In my April 8 post on this topic, I expressed some ambivalence about the idea that the press should no longer cover these briefings live at all.

It was never my belief that they needed to show the two-plus hour nightly events in their soul-sapping entirety, but I also wondered whether disbanding live coverage completely might be a bad precedent.

The approach that some were following seemed to be a good compromise: airing a portion and then cutting away, rather than dropping long-held norms just because he was slashing and burning them.

On Friday, I heard Eli Stokols, a White House reporter for the Los Angeles Times, say that covering this President raises profound problems for the press and is in fact, the central issue for them at this point.

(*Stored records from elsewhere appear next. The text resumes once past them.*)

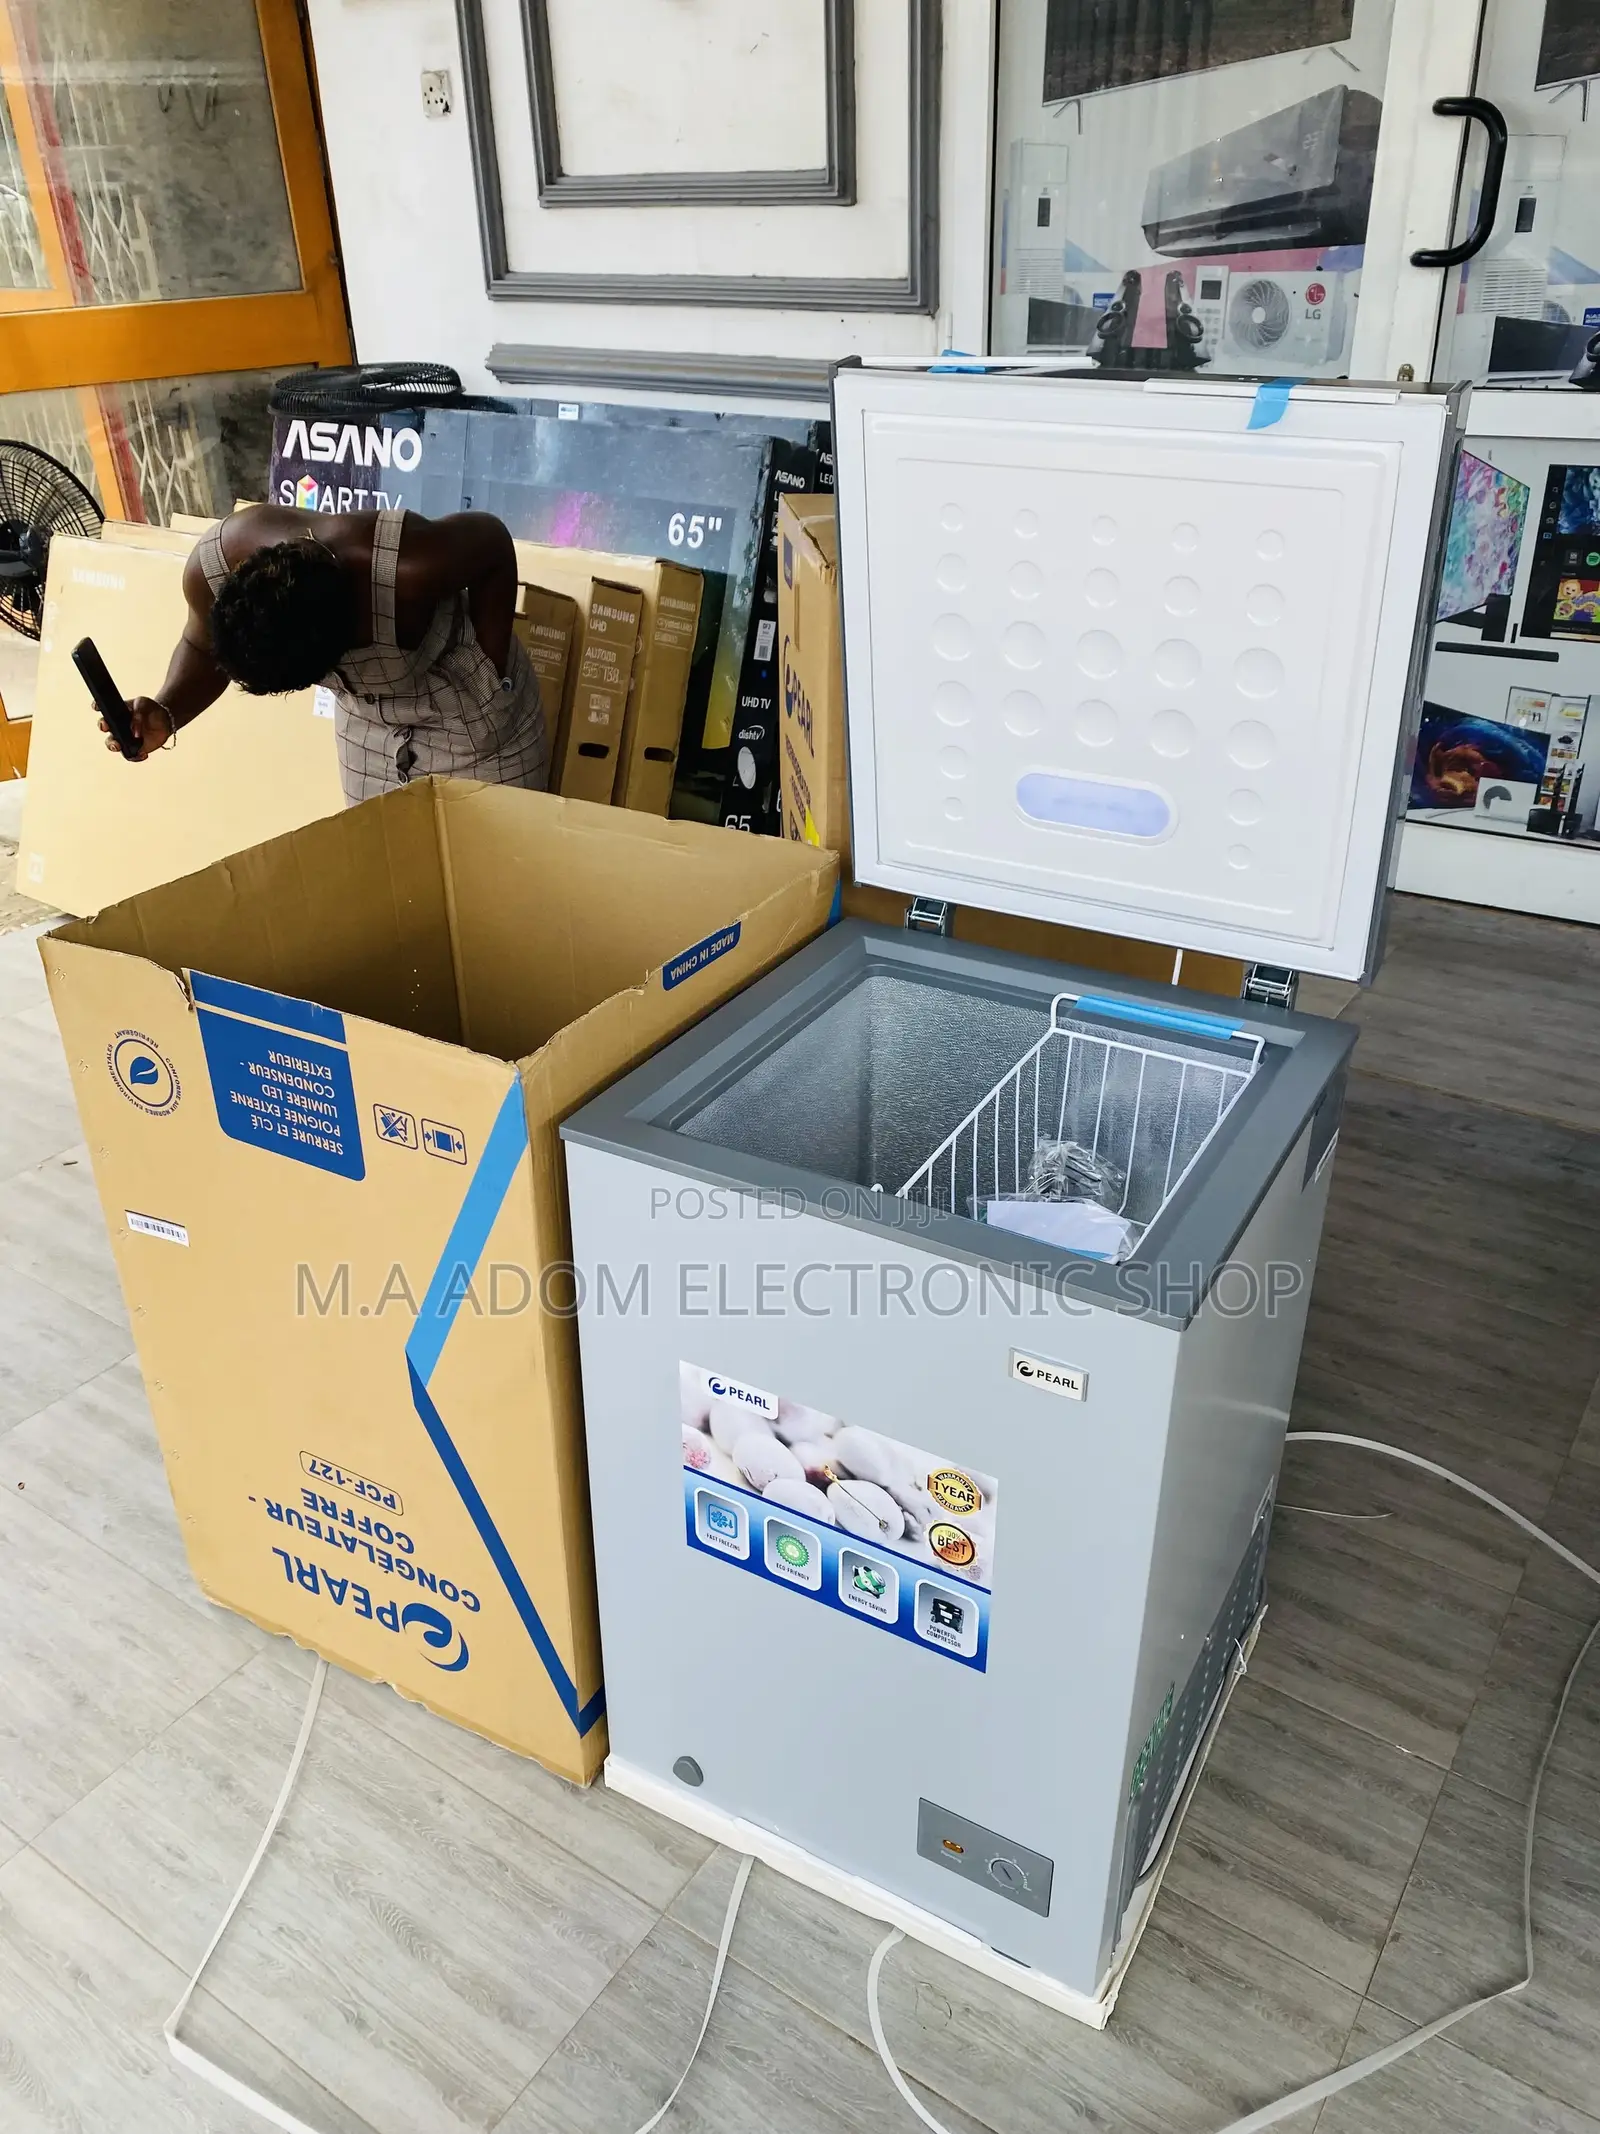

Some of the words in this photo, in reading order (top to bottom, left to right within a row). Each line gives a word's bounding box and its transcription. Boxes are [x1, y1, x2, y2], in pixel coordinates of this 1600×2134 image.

[1305, 308, 1322, 320] LG
[281, 419, 423, 473] ASANO
[774, 469, 806, 489] ASANO
[668, 512, 723, 549] 65"
[591, 603, 635, 624] SAMSUNG
[589, 619, 607, 633] UHD
[741, 695, 760, 708] UHD
[760, 697, 772, 710] TV
[700, 947, 709, 963] IN
[710, 931, 735, 956] MADE
[670, 955, 698, 981] CHINA
[267, 1049, 333, 1080] EXTÉRIEUR
[165, 1057, 182, 1100] CONFORME
[247, 1061, 335, 1099] CONDENSEUR
[229, 1090, 282, 1118] EXTERNE
[261, 1084, 284, 1101] LED
[145, 1107, 171, 1117] NORMES
[286, 1091, 338, 1119] LUMIÈRE
[250, 1114, 274, 1132] CLÉ
[276, 1122, 289, 1137] ET
[284, 1108, 341, 1137] POIGNÉE
[292, 1127, 344, 1156] SERRURE
[1036, 1369, 1079, 1390] PEARL
[728, 1386, 770, 1411] PEARL
[307, 1456, 398, 1511] PCF-127
[933, 1481, 939, 1491] 1
[941, 1483, 975, 1505] YEAR
[299, 1487, 416, 1555] COFFRE
[706, 1532, 718, 1542] FAST
[718, 1537, 741, 1552] FREEZING
[937, 1534, 967, 1556] BEST
[263, 1496, 482, 1614] CONGÉLATEUR
[271, 1546, 402, 1634] PEARL
[848, 1593, 868, 1606] ENERGY
[868, 1601, 888, 1615] SAVING
[926, 1629, 962, 1648] COMPRESSOR
[929, 1624, 957, 1641] POWERFUL
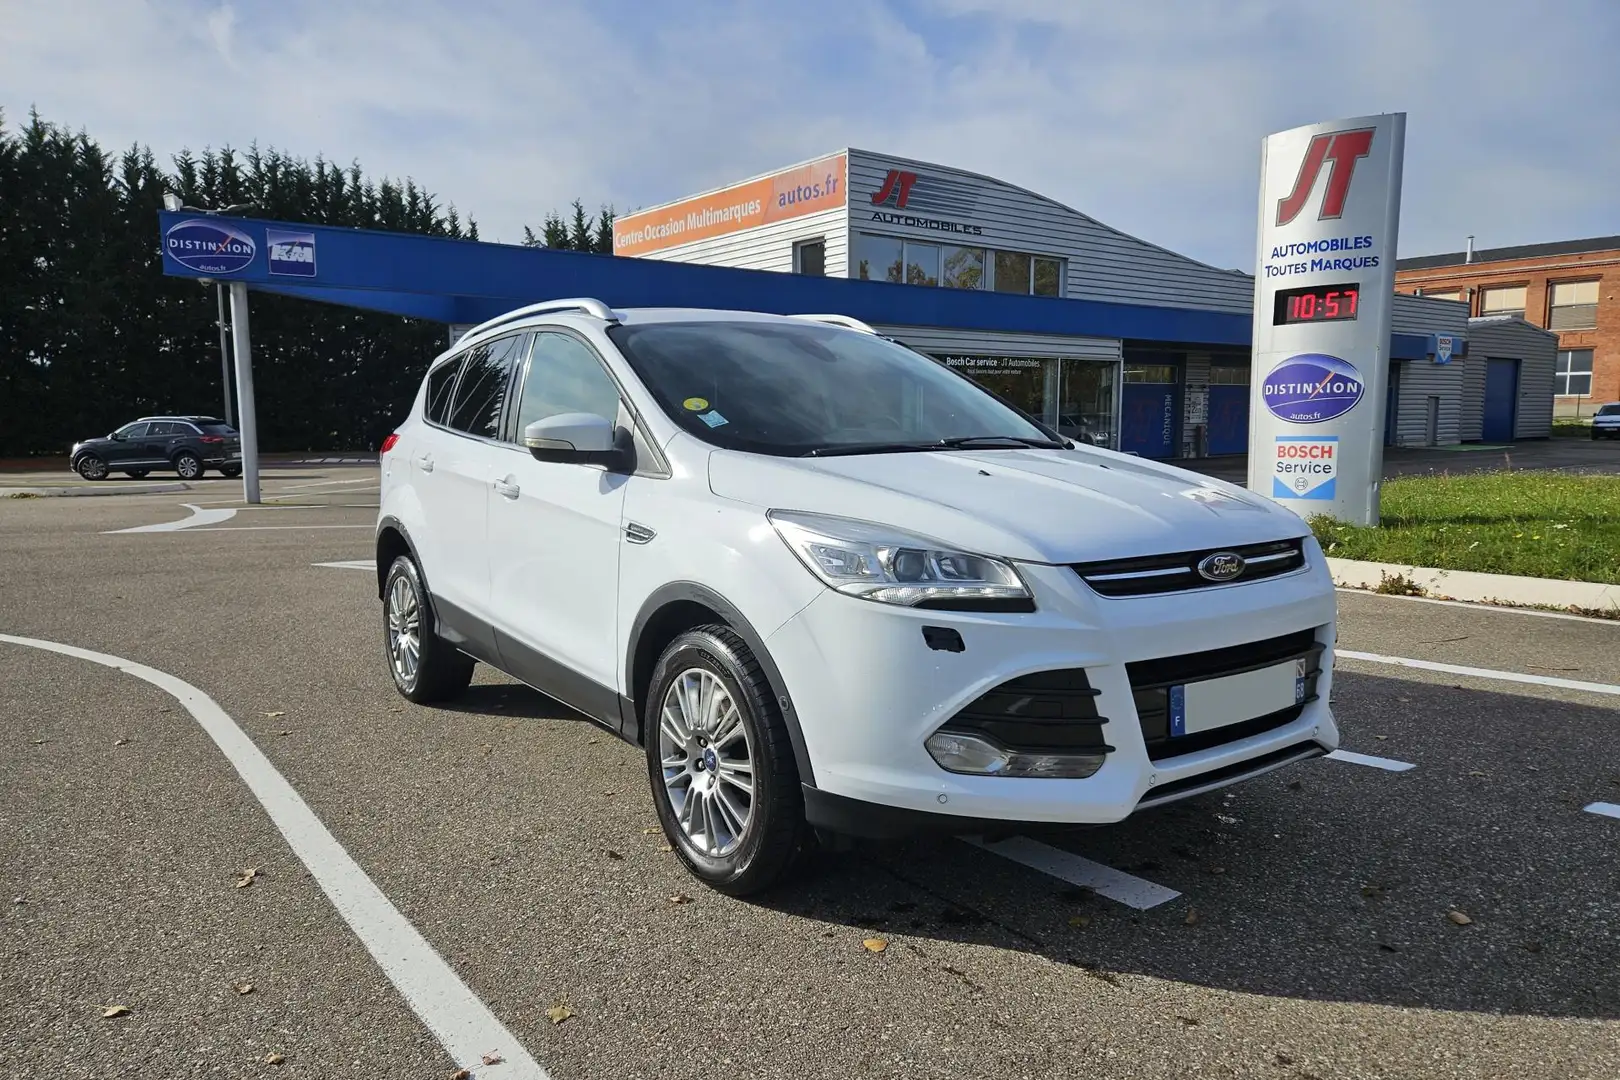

I can imagine that most, if not all, members of the Fourth Estate are struggling to determine how to do their jobs when faced with the double whammy of a pandemic that requires them to deliver timely information to the public—and a President who lies, contradicts himself, insults them, and seems to care not one whit about anyone or anything but himself.

And then, as you know, this President offhandedly suggested that the scientists should look into the question of whether drinking or injecting disinfectants could be a possible treatment for the coronavirus.

For me, that was a moment of clarity.

He faced others on the podium as he raised what he apparently thought was a clever idea, and his scientific adviser, Dr. Deborah Birx, to her discredit, remained silent, eventually mumbling “not a treatment.” She wilted.

Stokols and his colleagues at the LA Times reacted with some thoughtful reporting and observations:

“A slew of federal and state agencies — and the makers of laundry bleach — issued an implicit rebuke to President Trump on Friday, warning the public that his off-the-cuff medical advice and off-the-wall musings in nightly White House briefings could endanger even more lives as the country’s coronavirus death toll passed 50,000…

“Trump’s inclination to view his rhetoric as fungible — his comments are often intentionally open-ended and then open to ex post facto dismissals — reflects a lifelong effort by a highly public figure to blur context and avoid consequences for his comments and actions.”

“Trump’s shifting and often self-contradictory comments are not a bug but a feature of his nightly briefings, where, even amid a profound national crisis and widespread anxiety, questions and specifics typically drown in a sea of self-lavished superlatives.

“Last week, he managed to flip-flop three times on how quickly to lift stay-at-home orders, first insisting that he had “total” authority to order states to reopen, then telling governors that they, not he, had that authority, and then urging citizens to protest decisions by the governors and “liberate” their states.

“When pressed Thursday as to why he continued to float untested and potentially dangerous remedies from the presidential podium, Trump lashed out at the reporter who questioned him.
“I’m the president and you’re fake news,” he said. “I’m just here to present talent. I’m here to present ideas, because we want ideas to get rid of this thing. And if heat is good and if sunlight is good, that’s a great thing as far as I’m concerned.”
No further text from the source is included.